=== Input material ===
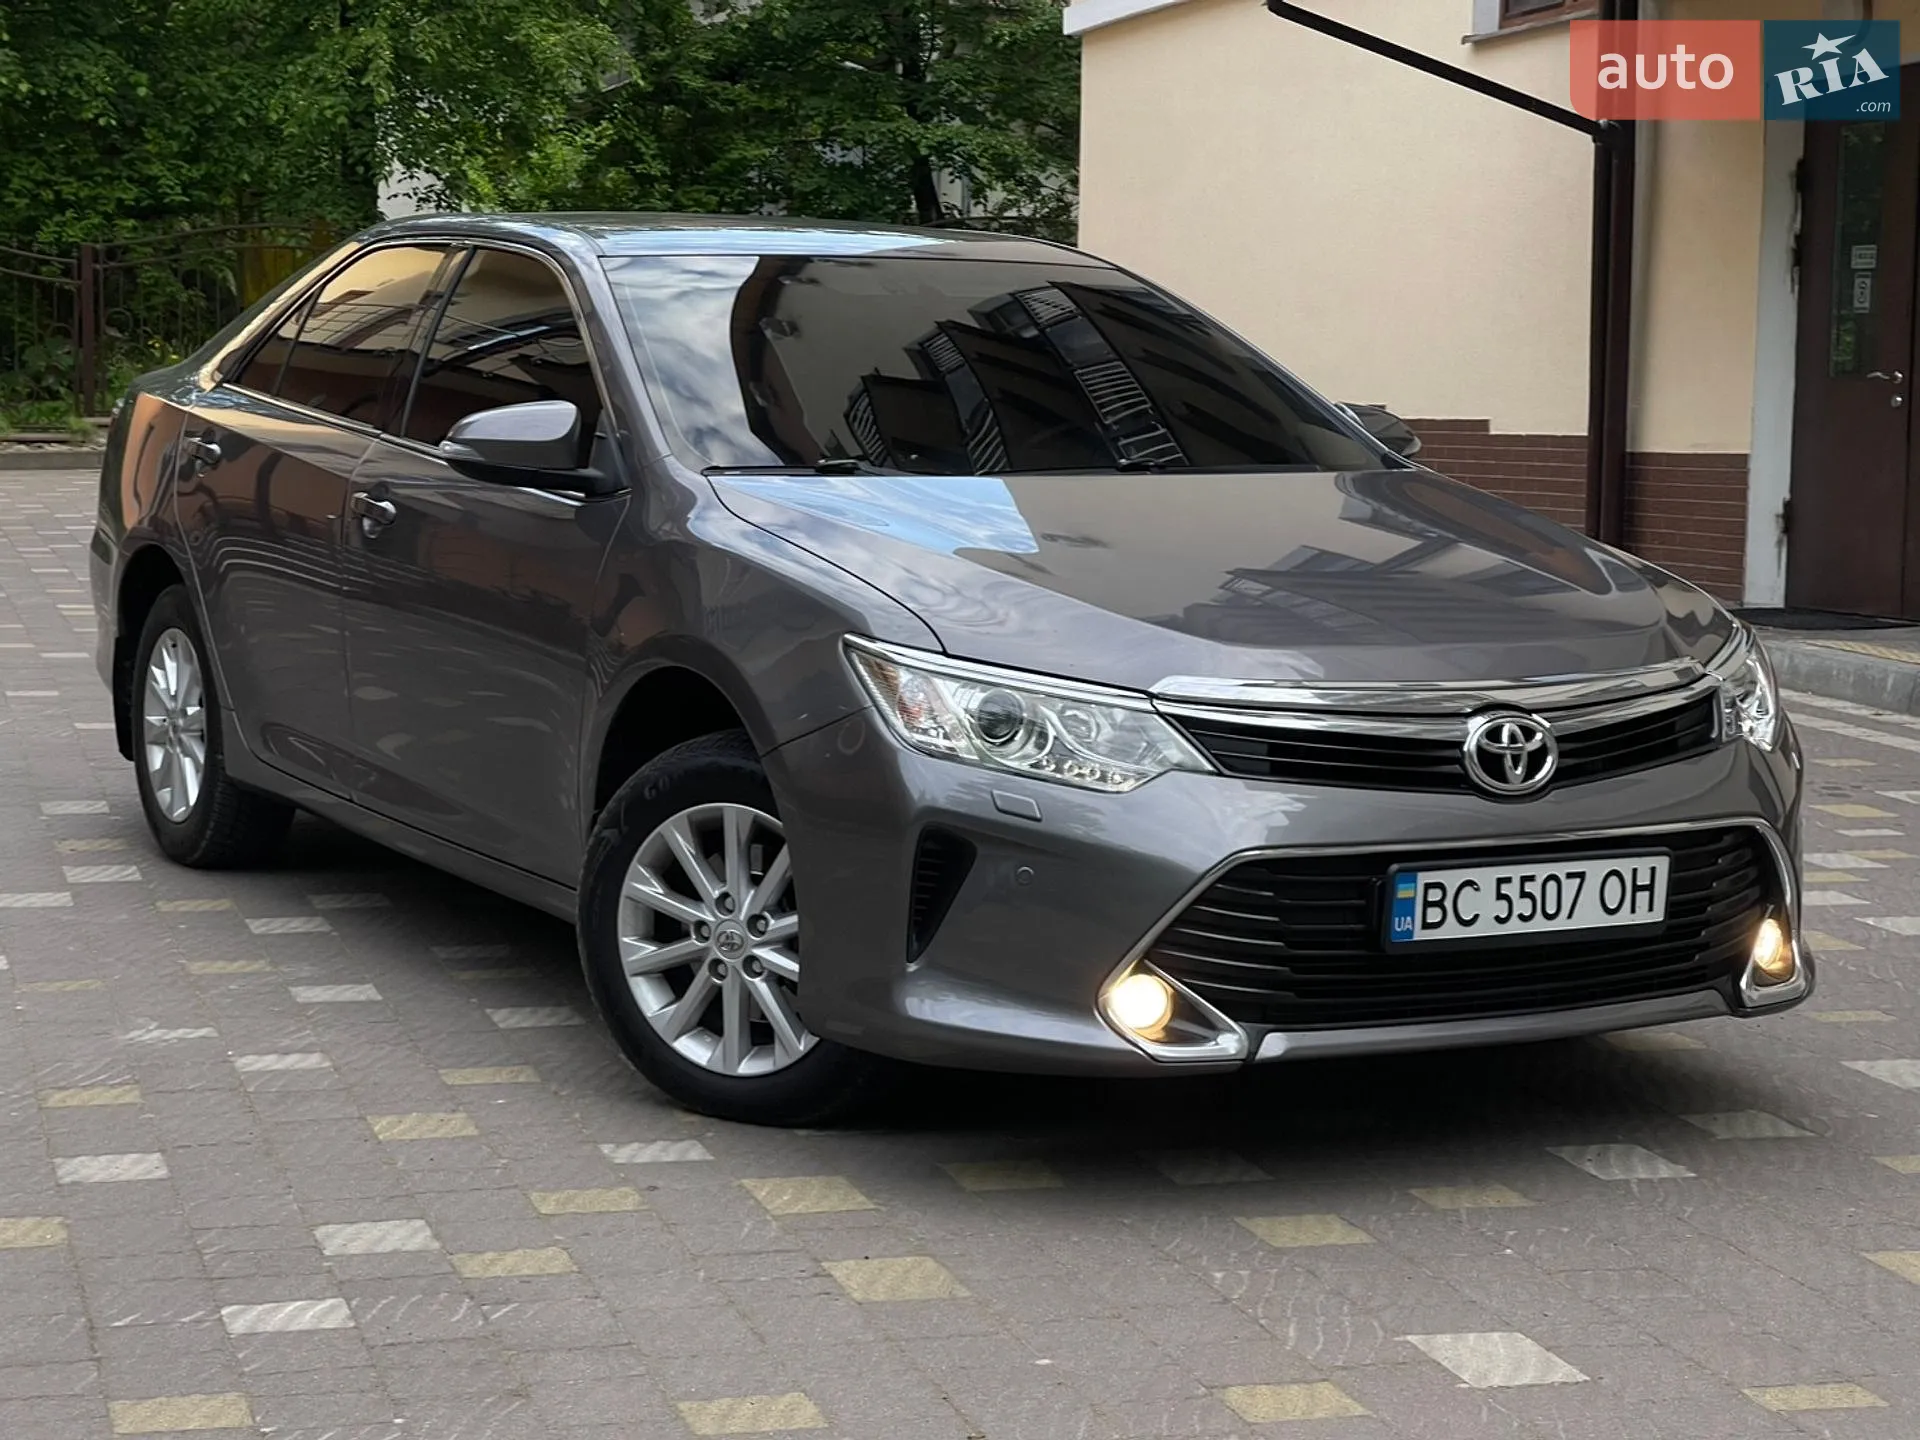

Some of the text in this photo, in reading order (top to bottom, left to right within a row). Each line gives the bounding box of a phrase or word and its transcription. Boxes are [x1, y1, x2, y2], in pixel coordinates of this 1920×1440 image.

[1420, 865, 1657, 931] BC 5507 OH
[1394, 916, 1413, 932] UA
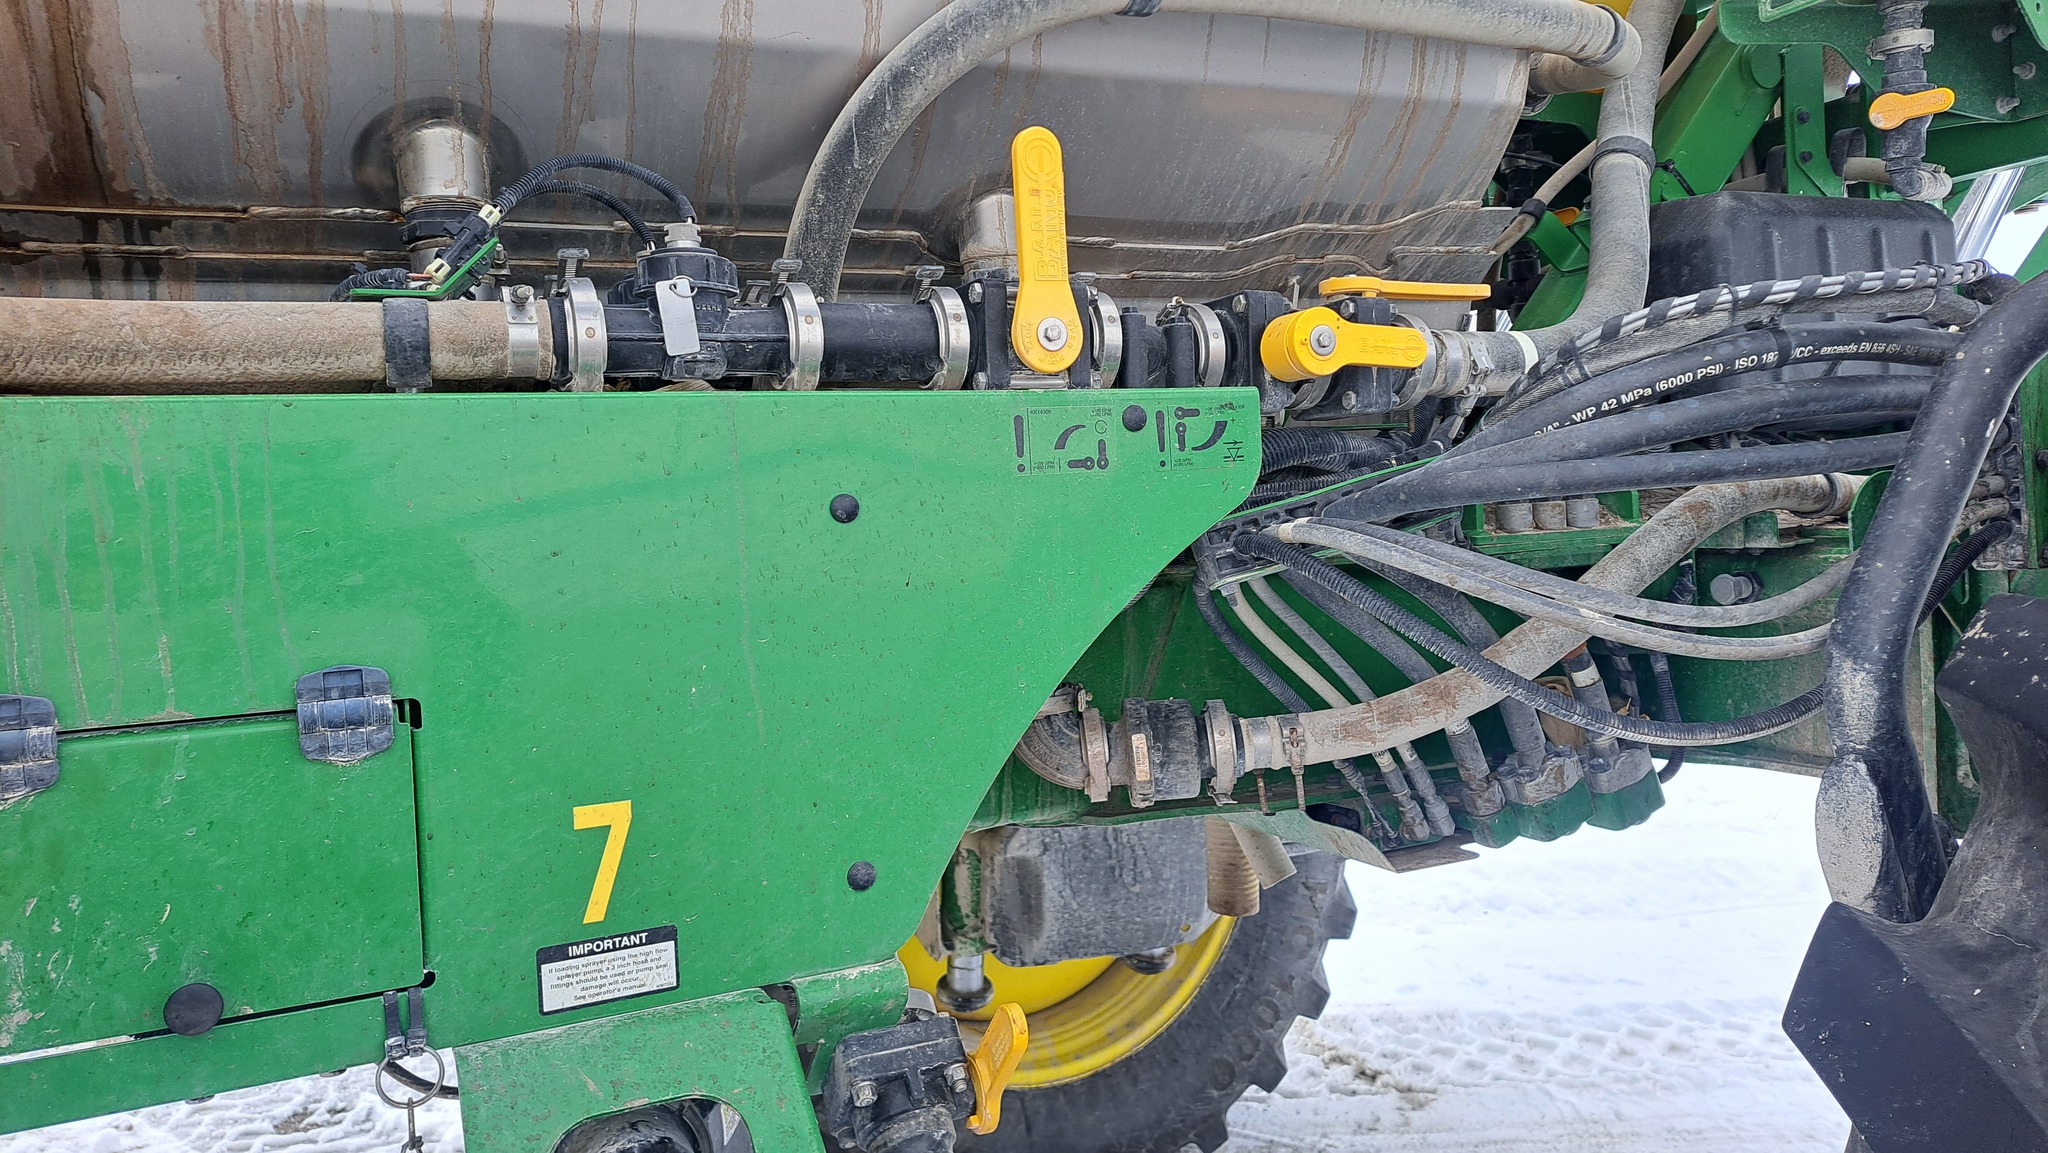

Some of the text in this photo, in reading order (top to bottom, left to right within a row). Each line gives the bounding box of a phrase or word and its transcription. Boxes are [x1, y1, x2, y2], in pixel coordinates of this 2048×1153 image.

[1571, 406, 1597, 422] WP
[1601, 400, 1619, 412] 42
[1621, 387, 1652, 404] MPa
[1655, 373, 1694, 392] (6000
[1697, 363, 1724, 380] PSI)
[1734, 355, 1758, 371] ISO
[1820, 342, 1858, 355] exceeds
[1858, 342, 1872, 353] EN
[573, 799, 632, 925] 7
[568, 933, 648, 956] IMPORTANT
[555, 964, 579, 973] loading
[582, 959, 606, 969] sprayer
[608, 954, 626, 964] using
[639, 950, 654, 958] high
[556, 972, 582, 981] sprayer
[633, 958, 648, 966] hose
[550, 981, 573, 990] fittings
[576, 976, 598, 985] should
[636, 967, 654, 975] pump
[580, 983, 606, 992] damage
[588, 987, 620, 998] operator's

=== What to do ===
Give the records again exactly, minus the pictures.

=== Answer section ===
Some of the text in this photo, in reading order (top to bottom, left to right within a row). Each line gives the bounding box of a phrase or word and its transcription. Boxes are [x1, y1, x2, y2], in pixel coordinates of this 1920×1440 image.

[1420, 865, 1657, 931] BC 5507 OH
[1394, 916, 1413, 932] UA

Some of the text in this photo, in reading order (top to bottom, left to right within a row). Each line gives the bounding box of a phrase or word and its transcription. Boxes are [x1, y1, x2, y2], in pixel coordinates of this 2048×1153 image.

[1571, 406, 1597, 422] WP
[1601, 400, 1619, 412] 42
[1621, 387, 1652, 404] MPa
[1655, 373, 1694, 392] (6000
[1697, 363, 1724, 380] PSI)
[1734, 355, 1758, 371] ISO
[1820, 342, 1858, 355] exceeds
[1858, 342, 1872, 353] EN
[573, 799, 632, 925] 7
[568, 933, 648, 956] IMPORTANT
[555, 964, 579, 973] loading
[582, 959, 606, 969] sprayer
[608, 954, 626, 964] using
[639, 950, 654, 958] high
[556, 972, 582, 981] sprayer
[633, 958, 648, 966] hose
[550, 981, 573, 990] fittings
[576, 976, 598, 985] should
[636, 967, 654, 975] pump
[580, 983, 606, 992] damage
[588, 987, 620, 998] operator's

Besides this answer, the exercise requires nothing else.